First, let me say, this has everything to do with zombies. I wasn’t attacked by any zombie except for the phantom zombies within me. I can pinpoint it to the zombies that drive my desires to capitulate and eat foods I know I shouldn’t. These zombies are also called ‘habits’. They come out when I demonstrate a weak will.
Follow me two steps back.
The dark waters rose in me yesterday, increasing last night. I could feel them rising and battering me like a storm surge, and witnessed the tangible results in making my plans for today, as well as my reactions to my cats and wife. I didn’t want to do anything. Their neediness and complaints (which were actually requests to be petted and visit with me) exasperated, even infuriated, me.
Then, this morning, my toes were cold in bed. I suffered difficulty swallowing. Rising to feed a cat (it was six AM, after all – time to eat!), I could barely piss. The urine was a feeble dribble. Recognizing these symptoms, I cursed myself for yesterday’s diet, because this is what happens when I eat too much — or the wrong wheat, or wheat prepared in a way that disagrees with me.
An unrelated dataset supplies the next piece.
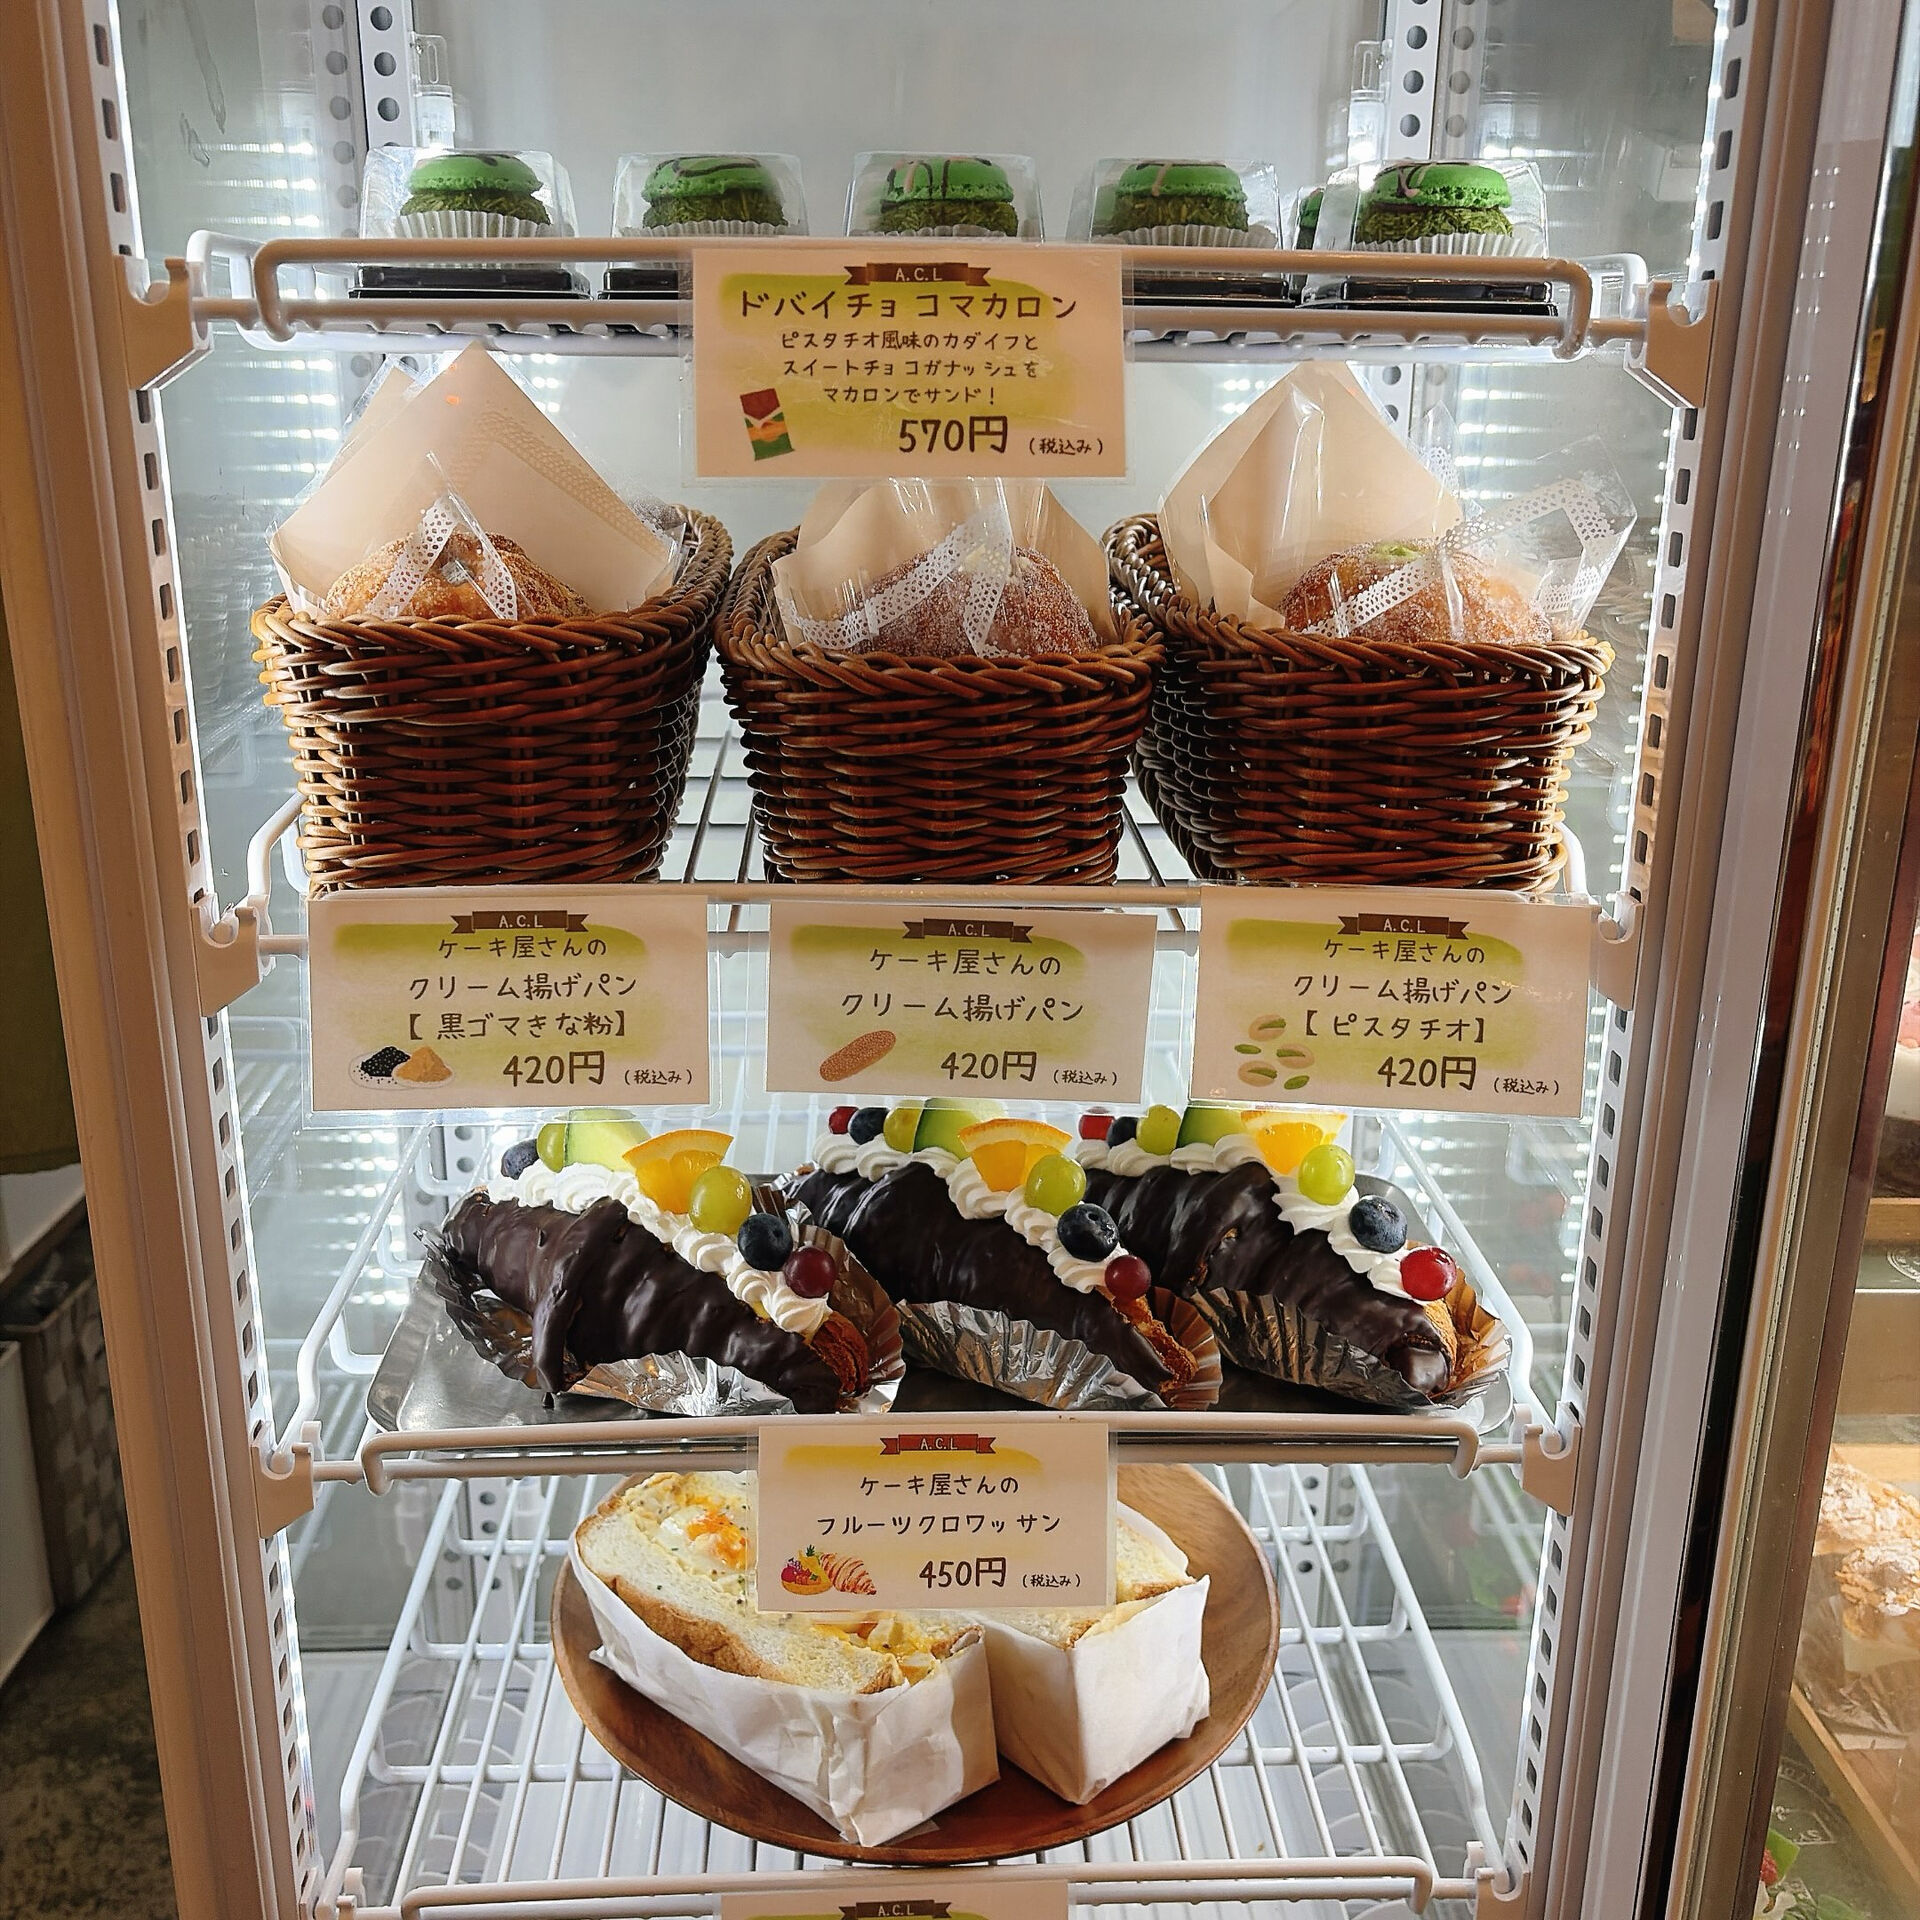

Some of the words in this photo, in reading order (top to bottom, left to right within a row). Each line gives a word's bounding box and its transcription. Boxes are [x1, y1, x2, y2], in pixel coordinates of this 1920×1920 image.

I suffer from some wheat or gluten reactions. Its impact varies. I ate food I wasn’t familiar with it but I know it’s loaded with wheat. What sort and how it’s prepared seem to matter. These were baked goods. Baked goods afflict me.
It started with the growers’ market. My wife returned from shopping and having coffee with friends. She offered me the rest of her almond croissant. I accepted and ate it, to be polite, and I didn’t want to be wasteful. I blame my mother for that.
Lunch was Trader Joe’s fat free burritos. Love them but also know that their white flour tortillas cause bloating, swelling and inflammation in me. I suffer phlegm and swallowing issues. But I justified it because my computer had been returned. I was busy with it, very hungry, and the burritos were available and easy to nuke.
My wife had made a blackberry cobbler as a treat, and offered me a piece of that. I had two, to be polite. Mom always encouraged me to be polite.
Dinner, a chile relleno pie that featured a magnificent crust (complemented by a glass of pinot noir), was consumed late, after returning from the Nagasaki-Hiroshima Vigil’s closing ceremonies. I had two wedges, to be polite, followed by a another blackberry cobbler square. It was the kind thing to do.
Meanwhile, my mood was curdling like milk left out in the sun. I felt it, too, yet felt helpless in its face. To continue mixing metaphors and analogies, tides of dark water were rushing in and overwhelming me. I was stressed, irritable, short-tempered, and cranky as a sleepy three year old.
But it was only this morning, when pissing and looking back on the previous day’s eating that I saw the connection between my body, my food intake, and the dark mood. Click — hello. I’d always suspected it, but the mood change and association with food had never been so vividly demonstrated before. And — here is the zombie connection — it was mindless eating, which is pretty much what zombies do, isn’t it?
I addressed these things with morning meditation for 30 minutes, followed by health visualizations. Meanwhile I wrote about it in my head. That’s always great therapy for me. I debated about sharing it here. I write so much about me, the bloody blog may as well just be called, Me, Me, Me! But I posted it here anyway, just proving my point that this blog is all about me. But hey, look at its unimaginative name. See?
And zombies. This was also about zombies. Because, when I behave mindlessly, I become a zombie, an angry zombie with some pissing, bloating, and swelling problems, who ate some really good food.